| REQUIRED WORK |
In your copy, include every record exactly and no pictures.

| DATASET EXCERPTS |

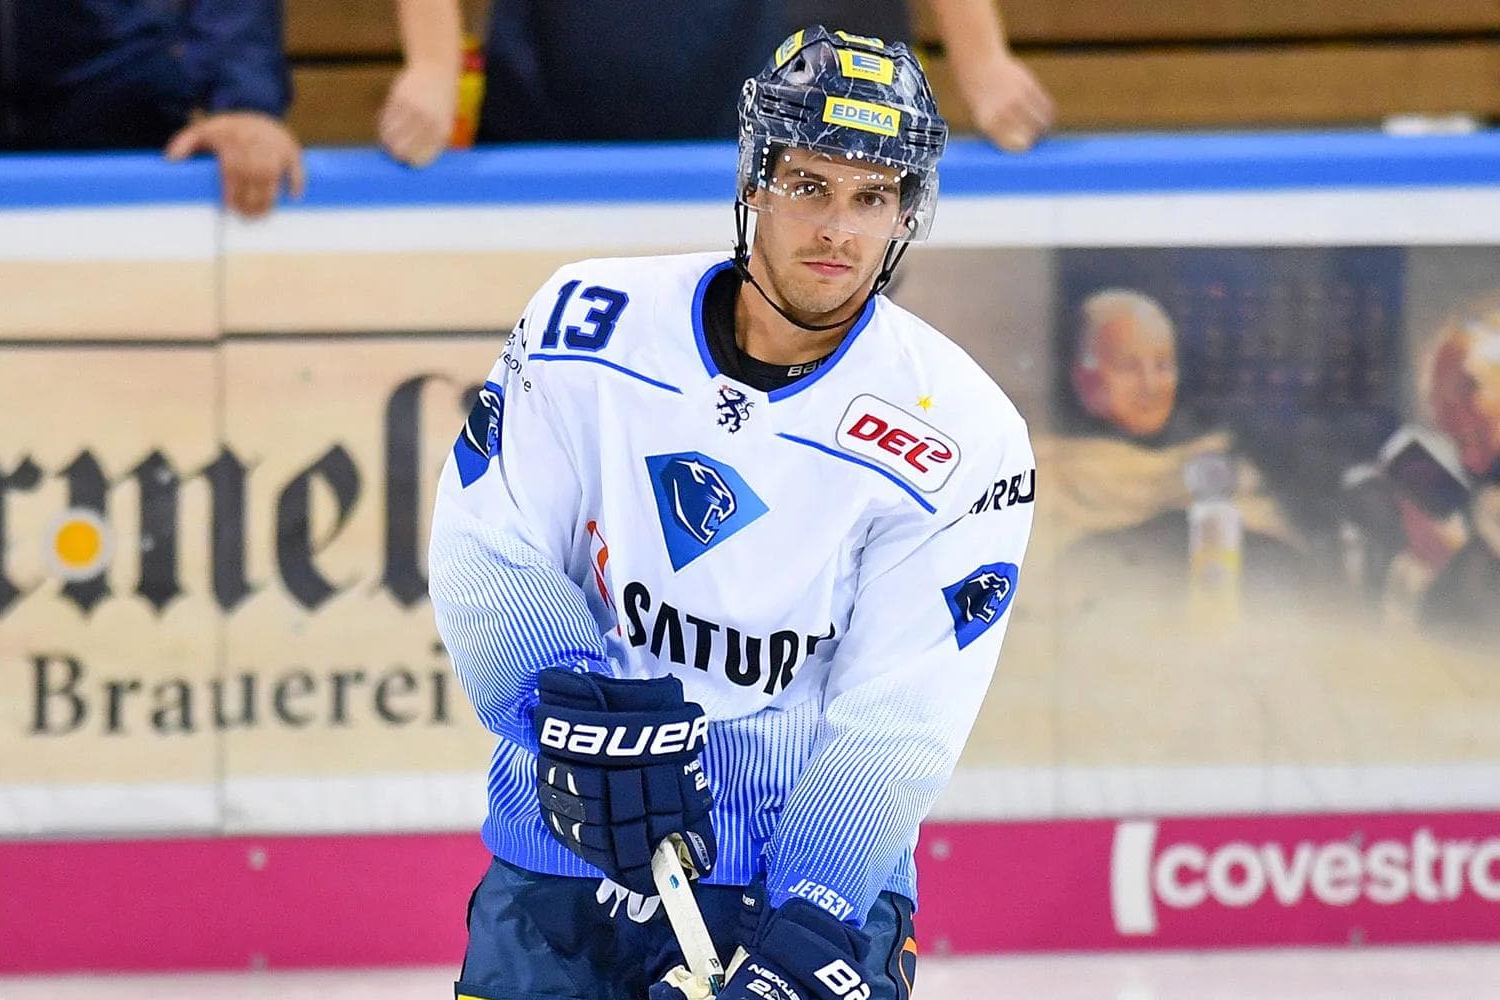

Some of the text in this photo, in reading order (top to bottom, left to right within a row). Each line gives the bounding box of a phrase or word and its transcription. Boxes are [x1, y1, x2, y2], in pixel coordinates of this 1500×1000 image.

[832, 103, 894, 128] EDEKA
[540, 279, 630, 352] 13
[28, 642, 457, 736] Brauerei
[539, 716, 708, 757] BAUER
[1155, 827, 1500, 908] covestro
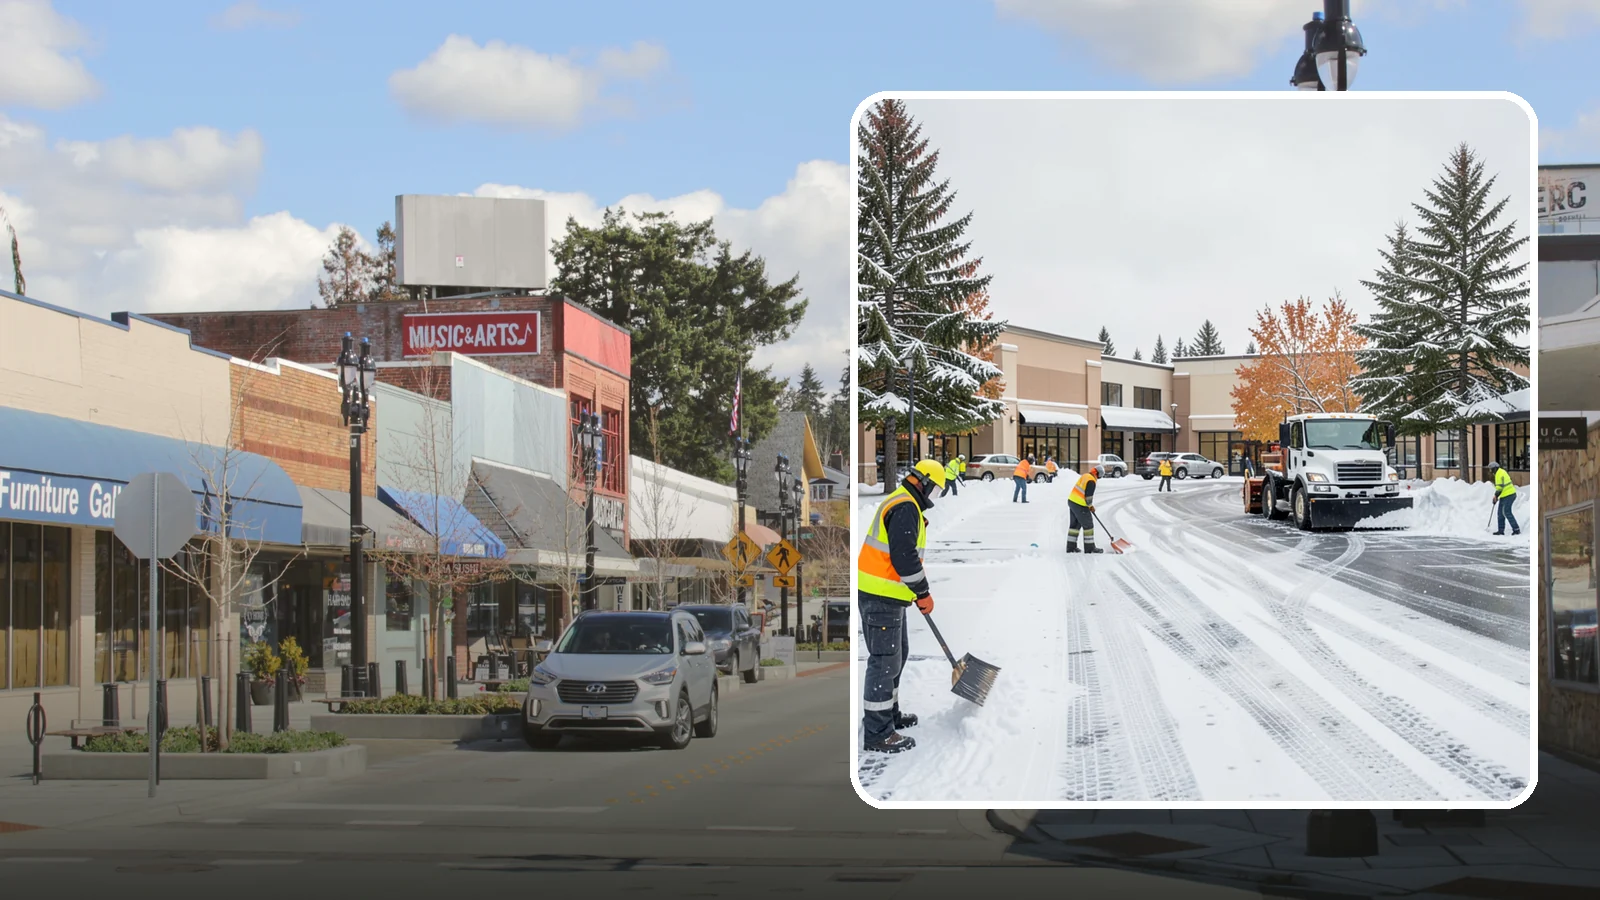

| ANSWER |
Some of the text in this photo, in reading order (top to bottom, left to right within a row). Each line gives the bounding box of a phrase or word and its transcription. Boxes are [x1, y1, x2, y2], in pixel coordinates of this 1500×1000 image.

[832, 103, 894, 128] EDEKA
[540, 279, 630, 352] 13
[28, 642, 457, 736] Brauerei
[539, 716, 708, 757] BAUER
[1155, 827, 1500, 908] covestro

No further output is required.